### What the task requires
Output every entry exactly, from the first line to the last.

Spatial localization data:

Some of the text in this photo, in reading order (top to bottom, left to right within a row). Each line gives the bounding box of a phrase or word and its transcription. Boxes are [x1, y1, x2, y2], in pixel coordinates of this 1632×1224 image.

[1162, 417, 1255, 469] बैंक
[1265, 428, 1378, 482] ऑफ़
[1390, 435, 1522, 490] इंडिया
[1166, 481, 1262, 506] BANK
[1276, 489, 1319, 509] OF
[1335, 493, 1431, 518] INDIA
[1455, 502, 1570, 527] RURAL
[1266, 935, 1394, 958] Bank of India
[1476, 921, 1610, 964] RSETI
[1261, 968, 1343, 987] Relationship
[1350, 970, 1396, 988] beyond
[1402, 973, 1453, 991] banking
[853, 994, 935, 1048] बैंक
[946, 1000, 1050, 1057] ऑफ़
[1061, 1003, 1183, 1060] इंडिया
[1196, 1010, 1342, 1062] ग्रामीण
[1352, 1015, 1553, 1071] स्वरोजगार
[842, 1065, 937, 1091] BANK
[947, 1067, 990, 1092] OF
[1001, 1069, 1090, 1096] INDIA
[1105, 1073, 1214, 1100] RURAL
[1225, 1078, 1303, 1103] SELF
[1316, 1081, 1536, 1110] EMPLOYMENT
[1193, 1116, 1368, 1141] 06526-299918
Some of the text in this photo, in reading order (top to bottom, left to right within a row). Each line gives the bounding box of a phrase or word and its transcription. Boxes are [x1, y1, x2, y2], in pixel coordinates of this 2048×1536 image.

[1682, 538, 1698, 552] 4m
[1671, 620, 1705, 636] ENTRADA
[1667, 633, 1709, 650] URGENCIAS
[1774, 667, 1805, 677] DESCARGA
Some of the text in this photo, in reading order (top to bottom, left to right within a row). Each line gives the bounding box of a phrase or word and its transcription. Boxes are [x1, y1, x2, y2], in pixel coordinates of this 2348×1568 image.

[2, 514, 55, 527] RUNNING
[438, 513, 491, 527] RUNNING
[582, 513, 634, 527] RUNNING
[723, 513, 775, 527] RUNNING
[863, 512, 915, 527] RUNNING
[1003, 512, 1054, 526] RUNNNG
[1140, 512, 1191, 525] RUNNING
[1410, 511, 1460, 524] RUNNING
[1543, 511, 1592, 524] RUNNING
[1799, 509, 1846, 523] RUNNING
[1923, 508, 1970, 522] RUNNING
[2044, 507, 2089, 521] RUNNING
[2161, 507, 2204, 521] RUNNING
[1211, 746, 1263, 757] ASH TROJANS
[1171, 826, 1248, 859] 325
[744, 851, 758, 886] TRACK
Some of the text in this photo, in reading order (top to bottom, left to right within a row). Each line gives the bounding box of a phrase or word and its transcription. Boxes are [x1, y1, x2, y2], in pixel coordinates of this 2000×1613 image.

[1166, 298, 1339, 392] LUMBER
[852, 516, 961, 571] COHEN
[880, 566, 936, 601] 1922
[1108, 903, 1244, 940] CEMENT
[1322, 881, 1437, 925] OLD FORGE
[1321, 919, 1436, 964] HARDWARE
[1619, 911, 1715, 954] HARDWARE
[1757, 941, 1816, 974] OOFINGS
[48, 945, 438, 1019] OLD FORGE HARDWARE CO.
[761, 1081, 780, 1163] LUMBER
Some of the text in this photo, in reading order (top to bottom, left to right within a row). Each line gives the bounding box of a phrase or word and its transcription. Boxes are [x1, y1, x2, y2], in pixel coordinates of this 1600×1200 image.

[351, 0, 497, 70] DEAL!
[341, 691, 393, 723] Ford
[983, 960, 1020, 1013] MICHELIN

### Response for this exercise
Some of the text in this photo, in reading order (top to bottom, left to right within a row). Each line gives the bounding box of a phrase or word and its transcription. Boxes are [x1, y1, x2, y2], in pixel coordinates of this 1632×1224 image.

[1162, 417, 1255, 469] बैंक
[1265, 428, 1378, 482] ऑफ़
[1390, 435, 1522, 490] इंडिया
[1166, 481, 1262, 506] BANK
[1276, 489, 1319, 509] OF
[1335, 493, 1431, 518] INDIA
[1455, 502, 1570, 527] RURAL
[1266, 935, 1394, 958] Bank of India
[1476, 921, 1610, 964] RSETI
[1261, 968, 1343, 987] Relationship
[1350, 970, 1396, 988] beyond
[1402, 973, 1453, 991] banking
[853, 994, 935, 1048] बैंक
[946, 1000, 1050, 1057] ऑफ़
[1061, 1003, 1183, 1060] इंडिया
[1196, 1010, 1342, 1062] ग्रामीण
[1352, 1015, 1553, 1071] स्वरोजगार
[842, 1065, 937, 1091] BANK
[947, 1067, 990, 1092] OF
[1001, 1069, 1090, 1096] INDIA
[1105, 1073, 1214, 1100] RURAL
[1225, 1078, 1303, 1103] SELF
[1316, 1081, 1536, 1110] EMPLOYMENT
[1193, 1116, 1368, 1141] 06526-299918
Some of the text in this photo, in reading order (top to bottom, left to right within a row). Each line gives the bounding box of a phrase or word and its transcription. Boxes are [x1, y1, x2, y2], in pixel coordinates of this 2048×1536 image.

[1682, 538, 1698, 552] 4m
[1671, 620, 1705, 636] ENTRADA
[1667, 633, 1709, 650] URGENCIAS
[1774, 667, 1805, 677] DESCARGA
Some of the text in this photo, in reading order (top to bottom, left to right within a row). Each line gives the bounding box of a phrase or word and its transcription. Boxes are [x1, y1, x2, y2], in pixel coordinates of this 2348×1568 image.

[2, 514, 55, 527] RUNNING
[438, 513, 491, 527] RUNNING
[582, 513, 634, 527] RUNNING
[723, 513, 775, 527] RUNNING
[863, 512, 915, 527] RUNNING
[1003, 512, 1054, 526] RUNNNG
[1140, 512, 1191, 525] RUNNING
[1410, 511, 1460, 524] RUNNING
[1543, 511, 1592, 524] RUNNING
[1799, 509, 1846, 523] RUNNING
[1923, 508, 1970, 522] RUNNING
[2044, 507, 2089, 521] RUNNING
[2161, 507, 2204, 521] RUNNING
[1211, 746, 1263, 757] ASH TROJANS
[1171, 826, 1248, 859] 325
[744, 851, 758, 886] TRACK
Some of the text in this photo, in reading order (top to bottom, left to right within a row). Each line gives the bounding box of a phrase or word and its transcription. Boxes are [x1, y1, x2, y2], in pixel coordinates of this 2000×1613 image.

[1166, 298, 1339, 392] LUMBER
[852, 516, 961, 571] COHEN
[880, 566, 936, 601] 1922
[1108, 903, 1244, 940] CEMENT
[1322, 881, 1437, 925] OLD FORGE
[1321, 919, 1436, 964] HARDWARE
[1619, 911, 1715, 954] HARDWARE
[1757, 941, 1816, 974] OOFINGS
[48, 945, 438, 1019] OLD FORGE HARDWARE CO.
[761, 1081, 780, 1163] LUMBER
Some of the text in this photo, in reading order (top to bottom, left to right within a row). Each line gives the bounding box of a phrase or word and its transcription. Boxes are [x1, y1, x2, y2], in pixel coordinates of this 1600×1200 image.

[351, 0, 497, 70] DEAL!
[341, 691, 393, 723] Ford
[983, 960, 1020, 1013] MICHELIN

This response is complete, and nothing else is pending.